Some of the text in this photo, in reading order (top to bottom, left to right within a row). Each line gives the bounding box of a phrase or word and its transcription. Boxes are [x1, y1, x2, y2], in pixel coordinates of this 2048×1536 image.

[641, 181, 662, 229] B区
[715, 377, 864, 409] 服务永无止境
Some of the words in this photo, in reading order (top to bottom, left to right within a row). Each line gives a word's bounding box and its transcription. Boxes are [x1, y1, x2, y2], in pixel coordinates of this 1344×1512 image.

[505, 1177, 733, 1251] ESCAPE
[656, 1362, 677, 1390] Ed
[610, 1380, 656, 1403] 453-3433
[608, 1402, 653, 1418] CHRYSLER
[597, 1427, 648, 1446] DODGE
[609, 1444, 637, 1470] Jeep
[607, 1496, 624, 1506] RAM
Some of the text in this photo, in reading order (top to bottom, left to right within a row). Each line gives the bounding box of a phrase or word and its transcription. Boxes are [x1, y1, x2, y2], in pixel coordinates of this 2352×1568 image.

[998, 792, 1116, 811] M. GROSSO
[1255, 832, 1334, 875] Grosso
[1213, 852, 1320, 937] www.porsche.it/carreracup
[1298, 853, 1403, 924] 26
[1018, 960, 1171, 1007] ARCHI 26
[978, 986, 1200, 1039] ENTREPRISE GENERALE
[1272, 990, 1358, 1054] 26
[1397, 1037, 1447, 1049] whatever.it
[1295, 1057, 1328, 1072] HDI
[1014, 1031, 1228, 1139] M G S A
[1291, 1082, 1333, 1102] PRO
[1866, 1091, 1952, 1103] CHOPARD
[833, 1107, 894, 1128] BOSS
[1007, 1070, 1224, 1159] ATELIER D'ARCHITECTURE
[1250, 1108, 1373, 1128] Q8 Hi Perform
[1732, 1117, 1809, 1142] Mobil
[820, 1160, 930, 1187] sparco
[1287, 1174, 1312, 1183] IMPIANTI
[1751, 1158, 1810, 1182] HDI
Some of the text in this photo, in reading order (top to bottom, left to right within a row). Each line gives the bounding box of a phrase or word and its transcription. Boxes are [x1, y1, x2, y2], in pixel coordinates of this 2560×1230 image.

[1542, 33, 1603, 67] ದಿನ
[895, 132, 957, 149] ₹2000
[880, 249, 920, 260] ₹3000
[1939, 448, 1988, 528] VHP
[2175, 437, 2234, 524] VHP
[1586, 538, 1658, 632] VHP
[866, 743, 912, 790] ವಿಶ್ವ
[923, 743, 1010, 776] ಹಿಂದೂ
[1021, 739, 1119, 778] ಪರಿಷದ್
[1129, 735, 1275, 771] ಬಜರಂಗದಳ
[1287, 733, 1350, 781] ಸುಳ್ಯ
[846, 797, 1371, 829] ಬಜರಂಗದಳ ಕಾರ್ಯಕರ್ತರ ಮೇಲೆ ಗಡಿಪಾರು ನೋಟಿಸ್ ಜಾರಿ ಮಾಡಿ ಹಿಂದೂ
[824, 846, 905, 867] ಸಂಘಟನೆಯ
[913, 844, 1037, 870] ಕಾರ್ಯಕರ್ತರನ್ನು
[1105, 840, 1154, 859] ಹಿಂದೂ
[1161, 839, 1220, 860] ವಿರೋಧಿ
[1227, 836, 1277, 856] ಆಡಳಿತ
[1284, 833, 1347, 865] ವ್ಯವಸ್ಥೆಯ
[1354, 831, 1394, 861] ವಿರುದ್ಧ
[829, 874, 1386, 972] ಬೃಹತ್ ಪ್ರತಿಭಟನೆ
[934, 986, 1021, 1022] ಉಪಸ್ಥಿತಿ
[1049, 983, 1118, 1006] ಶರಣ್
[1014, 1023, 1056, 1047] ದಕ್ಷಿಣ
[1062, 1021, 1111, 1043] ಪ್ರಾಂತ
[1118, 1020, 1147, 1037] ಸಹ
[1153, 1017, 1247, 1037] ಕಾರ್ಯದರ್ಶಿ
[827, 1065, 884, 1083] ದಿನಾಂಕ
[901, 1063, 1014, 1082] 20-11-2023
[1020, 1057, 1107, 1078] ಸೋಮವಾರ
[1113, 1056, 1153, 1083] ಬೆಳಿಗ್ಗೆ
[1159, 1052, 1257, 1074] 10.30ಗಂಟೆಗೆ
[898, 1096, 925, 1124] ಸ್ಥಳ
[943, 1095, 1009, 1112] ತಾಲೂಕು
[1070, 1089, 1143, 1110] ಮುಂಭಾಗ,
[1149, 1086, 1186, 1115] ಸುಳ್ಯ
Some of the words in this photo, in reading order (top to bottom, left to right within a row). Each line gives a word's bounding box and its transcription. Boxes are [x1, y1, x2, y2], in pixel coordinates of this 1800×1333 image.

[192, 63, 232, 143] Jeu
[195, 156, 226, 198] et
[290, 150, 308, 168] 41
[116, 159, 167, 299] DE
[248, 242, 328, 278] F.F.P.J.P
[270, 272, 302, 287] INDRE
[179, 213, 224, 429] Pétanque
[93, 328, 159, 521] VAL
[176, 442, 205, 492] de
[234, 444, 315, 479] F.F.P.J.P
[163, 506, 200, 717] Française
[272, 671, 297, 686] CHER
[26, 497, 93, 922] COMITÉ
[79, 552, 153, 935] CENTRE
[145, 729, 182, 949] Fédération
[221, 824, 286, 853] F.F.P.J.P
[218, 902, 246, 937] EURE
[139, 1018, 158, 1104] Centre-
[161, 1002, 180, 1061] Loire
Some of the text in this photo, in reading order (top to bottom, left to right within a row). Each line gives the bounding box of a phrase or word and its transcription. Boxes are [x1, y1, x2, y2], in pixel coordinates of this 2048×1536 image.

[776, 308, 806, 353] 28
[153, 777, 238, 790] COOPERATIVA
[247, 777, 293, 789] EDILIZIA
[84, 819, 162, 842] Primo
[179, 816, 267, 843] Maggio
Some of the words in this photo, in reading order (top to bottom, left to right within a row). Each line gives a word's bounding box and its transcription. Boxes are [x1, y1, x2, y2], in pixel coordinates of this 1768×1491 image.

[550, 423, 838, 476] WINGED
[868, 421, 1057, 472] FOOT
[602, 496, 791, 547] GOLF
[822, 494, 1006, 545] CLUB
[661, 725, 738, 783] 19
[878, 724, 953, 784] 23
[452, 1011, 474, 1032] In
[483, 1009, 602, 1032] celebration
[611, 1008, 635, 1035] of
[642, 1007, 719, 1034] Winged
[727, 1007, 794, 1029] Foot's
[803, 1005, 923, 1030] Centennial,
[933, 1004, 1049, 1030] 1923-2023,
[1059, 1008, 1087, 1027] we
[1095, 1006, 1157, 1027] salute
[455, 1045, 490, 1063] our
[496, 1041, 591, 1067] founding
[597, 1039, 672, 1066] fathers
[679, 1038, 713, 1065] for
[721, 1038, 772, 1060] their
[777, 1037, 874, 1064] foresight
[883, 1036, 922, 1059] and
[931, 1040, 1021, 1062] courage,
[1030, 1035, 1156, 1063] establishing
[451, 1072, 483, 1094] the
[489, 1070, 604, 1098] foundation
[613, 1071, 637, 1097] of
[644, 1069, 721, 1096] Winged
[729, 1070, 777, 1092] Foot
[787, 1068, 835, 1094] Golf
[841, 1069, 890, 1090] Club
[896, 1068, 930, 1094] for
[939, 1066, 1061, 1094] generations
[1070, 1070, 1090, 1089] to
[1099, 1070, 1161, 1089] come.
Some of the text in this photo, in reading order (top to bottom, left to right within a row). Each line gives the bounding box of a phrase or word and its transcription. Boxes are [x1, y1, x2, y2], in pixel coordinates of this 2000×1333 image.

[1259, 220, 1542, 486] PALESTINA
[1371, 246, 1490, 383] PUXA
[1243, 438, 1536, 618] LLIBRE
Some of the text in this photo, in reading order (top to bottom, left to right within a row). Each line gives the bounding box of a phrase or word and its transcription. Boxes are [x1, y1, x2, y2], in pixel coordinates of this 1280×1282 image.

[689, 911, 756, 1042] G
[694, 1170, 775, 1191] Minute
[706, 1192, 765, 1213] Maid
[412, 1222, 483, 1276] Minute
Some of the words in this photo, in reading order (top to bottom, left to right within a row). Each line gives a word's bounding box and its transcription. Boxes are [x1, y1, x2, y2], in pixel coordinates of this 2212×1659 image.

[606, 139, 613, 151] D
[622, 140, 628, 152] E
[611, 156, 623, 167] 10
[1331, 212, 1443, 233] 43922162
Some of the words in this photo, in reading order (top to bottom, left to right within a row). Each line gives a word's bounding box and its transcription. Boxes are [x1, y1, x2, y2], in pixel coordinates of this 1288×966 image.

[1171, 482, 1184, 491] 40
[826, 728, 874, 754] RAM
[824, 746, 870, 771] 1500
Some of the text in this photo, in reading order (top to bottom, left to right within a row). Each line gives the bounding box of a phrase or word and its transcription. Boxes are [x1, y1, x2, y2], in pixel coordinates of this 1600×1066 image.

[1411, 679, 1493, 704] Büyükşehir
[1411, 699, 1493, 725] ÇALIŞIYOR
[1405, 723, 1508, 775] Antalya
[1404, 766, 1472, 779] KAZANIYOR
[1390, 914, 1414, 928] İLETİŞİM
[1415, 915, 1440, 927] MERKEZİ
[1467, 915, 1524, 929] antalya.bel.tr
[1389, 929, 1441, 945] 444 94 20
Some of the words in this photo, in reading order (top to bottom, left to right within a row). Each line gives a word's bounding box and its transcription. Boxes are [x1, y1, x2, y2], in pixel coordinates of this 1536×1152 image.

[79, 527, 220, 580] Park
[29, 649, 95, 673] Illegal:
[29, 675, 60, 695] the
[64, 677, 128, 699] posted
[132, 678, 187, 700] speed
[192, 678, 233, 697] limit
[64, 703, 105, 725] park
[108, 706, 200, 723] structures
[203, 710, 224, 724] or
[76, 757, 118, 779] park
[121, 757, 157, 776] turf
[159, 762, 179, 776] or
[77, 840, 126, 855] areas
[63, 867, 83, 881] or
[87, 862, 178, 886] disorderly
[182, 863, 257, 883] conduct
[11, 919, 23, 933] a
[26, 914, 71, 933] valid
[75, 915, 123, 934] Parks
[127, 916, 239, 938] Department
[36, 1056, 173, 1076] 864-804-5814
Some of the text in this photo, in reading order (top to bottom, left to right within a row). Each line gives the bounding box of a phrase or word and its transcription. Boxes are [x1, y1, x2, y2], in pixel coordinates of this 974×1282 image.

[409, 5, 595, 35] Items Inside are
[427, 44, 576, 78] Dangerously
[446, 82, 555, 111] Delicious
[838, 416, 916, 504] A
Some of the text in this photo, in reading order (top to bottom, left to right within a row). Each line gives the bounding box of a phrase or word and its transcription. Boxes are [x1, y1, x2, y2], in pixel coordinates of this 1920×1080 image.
+++
*YOUR ASSIGNMENT*
Each line from the one that holds "this 974×1282 image." to the end of the records above should be transcribed exactly, both ends included.

*RESPONSE AREA*
Some of the text in this photo, in reading order (top to bottom, left to right within a row). Each line gives the bounding box of a phrase or word and its transcription. Boxes are [x1, y1, x2, y2], in pixel coordinates of this 974×1282 image.

[409, 5, 595, 35] Items Inside are
[427, 44, 576, 78] Dangerously
[446, 82, 555, 111] Delicious
[838, 416, 916, 504] A
Some of the text in this photo, in reading order (top to bottom, left to right within a row). Each line gives the bounding box of a phrase or word and its transcription. Boxes are [x1, y1, x2, y2], in pixel coordinates of this 1920×1080 image.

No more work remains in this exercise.